- _What you need to do_
The response must consist of all the entries, duplicated without alteration.

(Dataset entries)
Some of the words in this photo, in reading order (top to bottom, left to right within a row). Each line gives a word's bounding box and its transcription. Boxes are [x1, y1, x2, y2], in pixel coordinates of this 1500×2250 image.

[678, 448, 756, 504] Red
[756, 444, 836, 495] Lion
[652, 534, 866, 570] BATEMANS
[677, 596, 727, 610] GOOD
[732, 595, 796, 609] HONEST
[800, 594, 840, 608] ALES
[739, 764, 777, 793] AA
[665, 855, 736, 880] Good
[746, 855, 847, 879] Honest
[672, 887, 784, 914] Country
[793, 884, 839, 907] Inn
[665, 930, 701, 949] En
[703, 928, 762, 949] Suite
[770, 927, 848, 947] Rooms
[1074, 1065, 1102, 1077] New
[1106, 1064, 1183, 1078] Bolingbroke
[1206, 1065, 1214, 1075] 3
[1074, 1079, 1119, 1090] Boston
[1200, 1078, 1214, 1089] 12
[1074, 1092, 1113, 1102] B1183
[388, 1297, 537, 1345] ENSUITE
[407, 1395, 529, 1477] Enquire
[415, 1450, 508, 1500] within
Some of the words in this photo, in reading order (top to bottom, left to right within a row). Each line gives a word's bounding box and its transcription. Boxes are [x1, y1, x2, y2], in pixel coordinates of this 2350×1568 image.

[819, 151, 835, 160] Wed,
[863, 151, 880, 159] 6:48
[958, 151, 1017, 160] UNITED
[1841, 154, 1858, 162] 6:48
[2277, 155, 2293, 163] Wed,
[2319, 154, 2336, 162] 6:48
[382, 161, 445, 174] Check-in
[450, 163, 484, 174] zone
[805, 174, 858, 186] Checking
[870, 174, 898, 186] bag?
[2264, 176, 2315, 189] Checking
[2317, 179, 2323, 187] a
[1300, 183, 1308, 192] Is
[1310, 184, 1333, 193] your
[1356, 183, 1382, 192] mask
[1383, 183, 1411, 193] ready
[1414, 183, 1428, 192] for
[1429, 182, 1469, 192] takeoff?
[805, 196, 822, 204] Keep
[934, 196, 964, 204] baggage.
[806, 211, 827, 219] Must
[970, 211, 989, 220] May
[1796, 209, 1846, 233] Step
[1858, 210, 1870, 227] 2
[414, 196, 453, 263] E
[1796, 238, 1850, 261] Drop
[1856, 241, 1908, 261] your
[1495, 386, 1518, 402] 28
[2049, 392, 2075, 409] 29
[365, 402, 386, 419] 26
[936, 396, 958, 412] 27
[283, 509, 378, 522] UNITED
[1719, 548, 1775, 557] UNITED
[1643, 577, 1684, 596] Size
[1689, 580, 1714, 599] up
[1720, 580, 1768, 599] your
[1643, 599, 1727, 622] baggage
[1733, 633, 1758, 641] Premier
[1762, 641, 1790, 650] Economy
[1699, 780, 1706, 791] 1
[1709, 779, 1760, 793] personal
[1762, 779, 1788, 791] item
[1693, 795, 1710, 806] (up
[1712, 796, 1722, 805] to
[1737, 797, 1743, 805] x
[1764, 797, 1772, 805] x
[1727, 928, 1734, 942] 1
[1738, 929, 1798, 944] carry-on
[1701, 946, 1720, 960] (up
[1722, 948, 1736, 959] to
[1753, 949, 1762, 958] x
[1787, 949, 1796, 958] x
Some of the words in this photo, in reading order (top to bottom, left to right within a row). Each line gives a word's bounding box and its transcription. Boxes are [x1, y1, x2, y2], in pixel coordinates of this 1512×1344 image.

- _Completed exercise_
Some of the words in this photo, in reading order (top to bottom, left to right within a row). Each line gives a word's bounding box and its transcription. Boxes are [x1, y1, x2, y2], in pixel coordinates of this 1500×2250 image.

[678, 448, 756, 504] Red
[756, 444, 836, 495] Lion
[652, 534, 866, 570] BATEMANS
[677, 596, 727, 610] GOOD
[732, 595, 796, 609] HONEST
[800, 594, 840, 608] ALES
[739, 764, 777, 793] AA
[665, 855, 736, 880] Good
[746, 855, 847, 879] Honest
[672, 887, 784, 914] Country
[793, 884, 839, 907] Inn
[665, 930, 701, 949] En
[703, 928, 762, 949] Suite
[770, 927, 848, 947] Rooms
[1074, 1065, 1102, 1077] New
[1106, 1064, 1183, 1078] Bolingbroke
[1206, 1065, 1214, 1075] 3
[1074, 1079, 1119, 1090] Boston
[1200, 1078, 1214, 1089] 12
[1074, 1092, 1113, 1102] B1183
[388, 1297, 537, 1345] ENSUITE
[407, 1395, 529, 1477] Enquire
[415, 1450, 508, 1500] within
Some of the words in this photo, in reading order (top to bottom, left to right within a row). Each line gives a word's bounding box and its transcription. Boxes are [x1, y1, x2, y2], in pixel coordinates of this 2350×1568 image.

[819, 151, 835, 160] Wed,
[863, 151, 880, 159] 6:48
[958, 151, 1017, 160] UNITED
[1841, 154, 1858, 162] 6:48
[2277, 155, 2293, 163] Wed,
[2319, 154, 2336, 162] 6:48
[382, 161, 445, 174] Check-in
[450, 163, 484, 174] zone
[805, 174, 858, 186] Checking
[870, 174, 898, 186] bag?
[2264, 176, 2315, 189] Checking
[2317, 179, 2323, 187] a
[1300, 183, 1308, 192] Is
[1310, 184, 1333, 193] your
[1356, 183, 1382, 192] mask
[1383, 183, 1411, 193] ready
[1414, 183, 1428, 192] for
[1429, 182, 1469, 192] takeoff?
[805, 196, 822, 204] Keep
[934, 196, 964, 204] baggage.
[806, 211, 827, 219] Must
[970, 211, 989, 220] May
[1796, 209, 1846, 233] Step
[1858, 210, 1870, 227] 2
[414, 196, 453, 263] E
[1796, 238, 1850, 261] Drop
[1856, 241, 1908, 261] your
[1495, 386, 1518, 402] 28
[2049, 392, 2075, 409] 29
[365, 402, 386, 419] 26
[936, 396, 958, 412] 27
[283, 509, 378, 522] UNITED
[1719, 548, 1775, 557] UNITED
[1643, 577, 1684, 596] Size
[1689, 580, 1714, 599] up
[1720, 580, 1768, 599] your
[1643, 599, 1727, 622] baggage
[1733, 633, 1758, 641] Premier
[1762, 641, 1790, 650] Economy
[1699, 780, 1706, 791] 1
[1709, 779, 1760, 793] personal
[1762, 779, 1788, 791] item
[1693, 795, 1710, 806] (up
[1712, 796, 1722, 805] to
[1737, 797, 1743, 805] x
[1764, 797, 1772, 805] x
[1727, 928, 1734, 942] 1
[1738, 929, 1798, 944] carry-on
[1701, 946, 1720, 960] (up
[1722, 948, 1736, 959] to
[1753, 949, 1762, 958] x
[1787, 949, 1796, 958] x
Some of the words in this photo, in reading order (top to bottom, left to right within a row). Each line gives a word's bounding box and its transcription. Boxes are [x1, y1, x2, y2], in pixel coordinates of this 1512×1344 image.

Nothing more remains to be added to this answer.